Après une heure d’efforts continués avec zèle, et non sans quelque dépit, pour réveiller sa mémoire, Foi renonça pour le moment à cette tentative ; dans certains moments, elle s’était crue sur le point de triompher. Il se donnait lui-même le nom de Whittal ; mais il soutenait qu’il était aussi Nipset, de la tribu des Narragansetts ; qu’il avait une mère dans son Wigwam, et qu’il avait raison de croire qu’il serait mis au nombre des guerriers de la peuplade à la prochaine chute des neiges.
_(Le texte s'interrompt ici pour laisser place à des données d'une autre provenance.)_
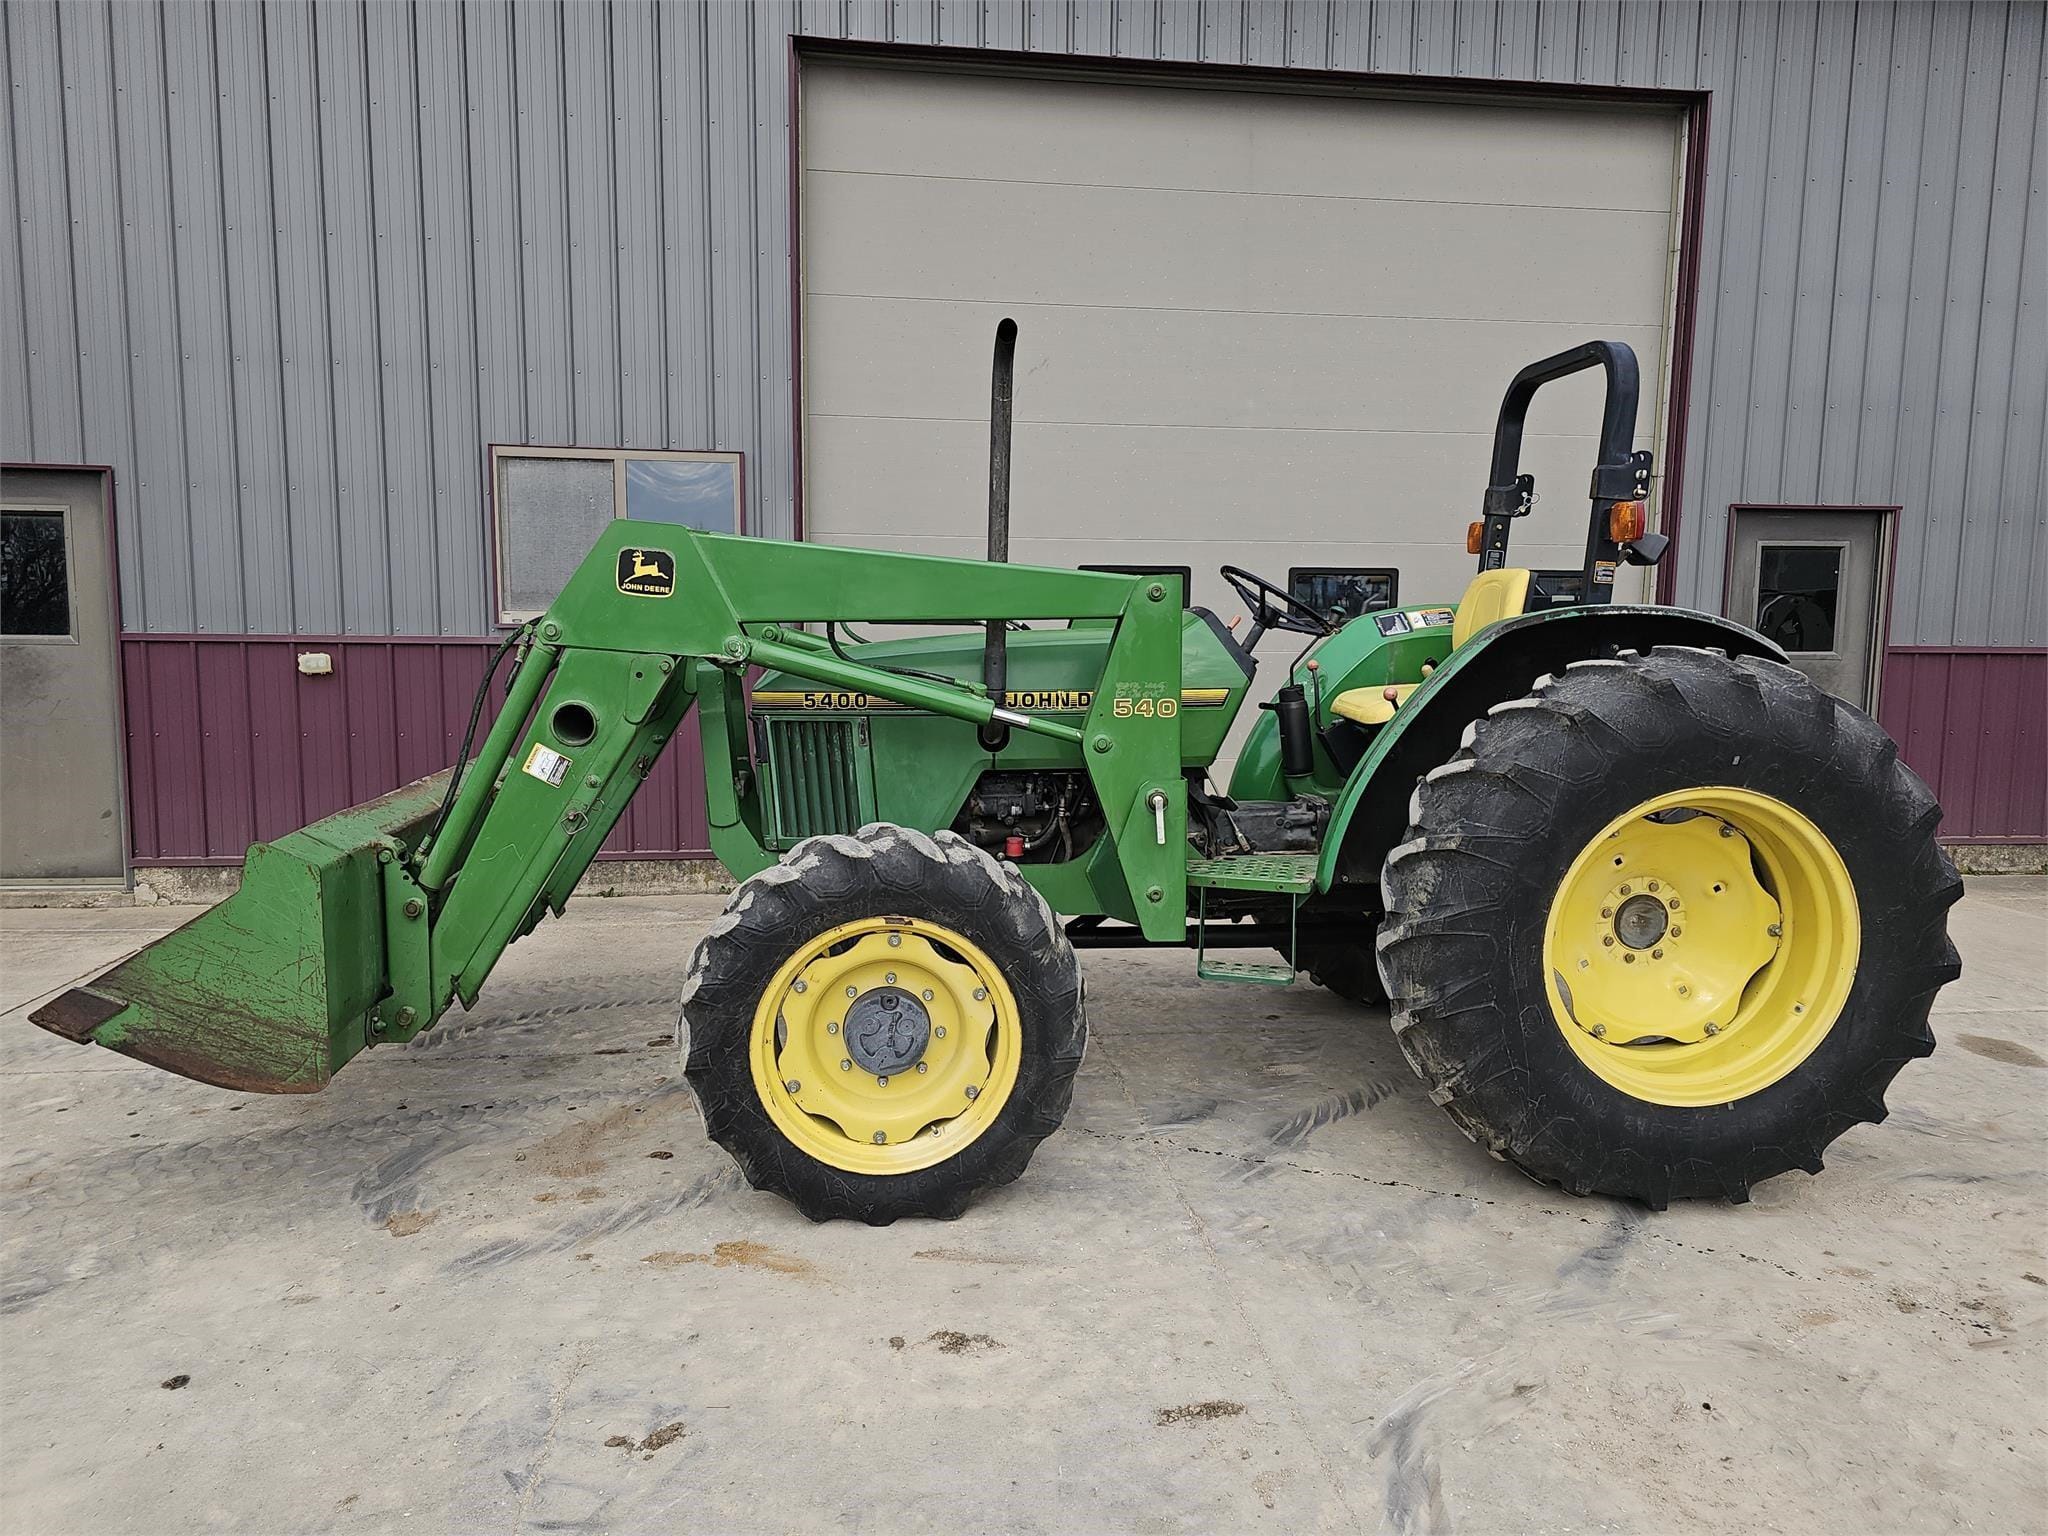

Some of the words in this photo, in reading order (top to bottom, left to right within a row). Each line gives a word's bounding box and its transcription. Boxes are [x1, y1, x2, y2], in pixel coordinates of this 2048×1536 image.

Pendant ce temps, une scène toute différente se passait sur la terrasse où avait eu lieu la première conférence avec l’idiot. Tous les spectateurs s’en étaient retirés lors de l’arrivée subite du messager ; mais un individu solitaire était assis devant la grand étable qui y avait été placée pour le déjeuner, tant des maîtres de la maison que de leurs nombreux serviteurs. C’était un jeune homme qui s’était jeté sur une chaise ; il semblait moins vouloir satisfaire son appétit que se livrer à des pensées qui absorbaient toutes les facultés de son âme. On ne pouvait voir son visage, car il avait la tête appuyée sur ses bras étendus sur une table, bien luisante, en bois de citronnier ; cette table, placée à la suite d’une autre d’un bois plus commun, formait le seul point de distinction entre les convives ; comme dans les temps plus reculés et dans d’autres pays, la salière marquait la différence des rangs parmi ceux qui devaient s’asseoir à la même table.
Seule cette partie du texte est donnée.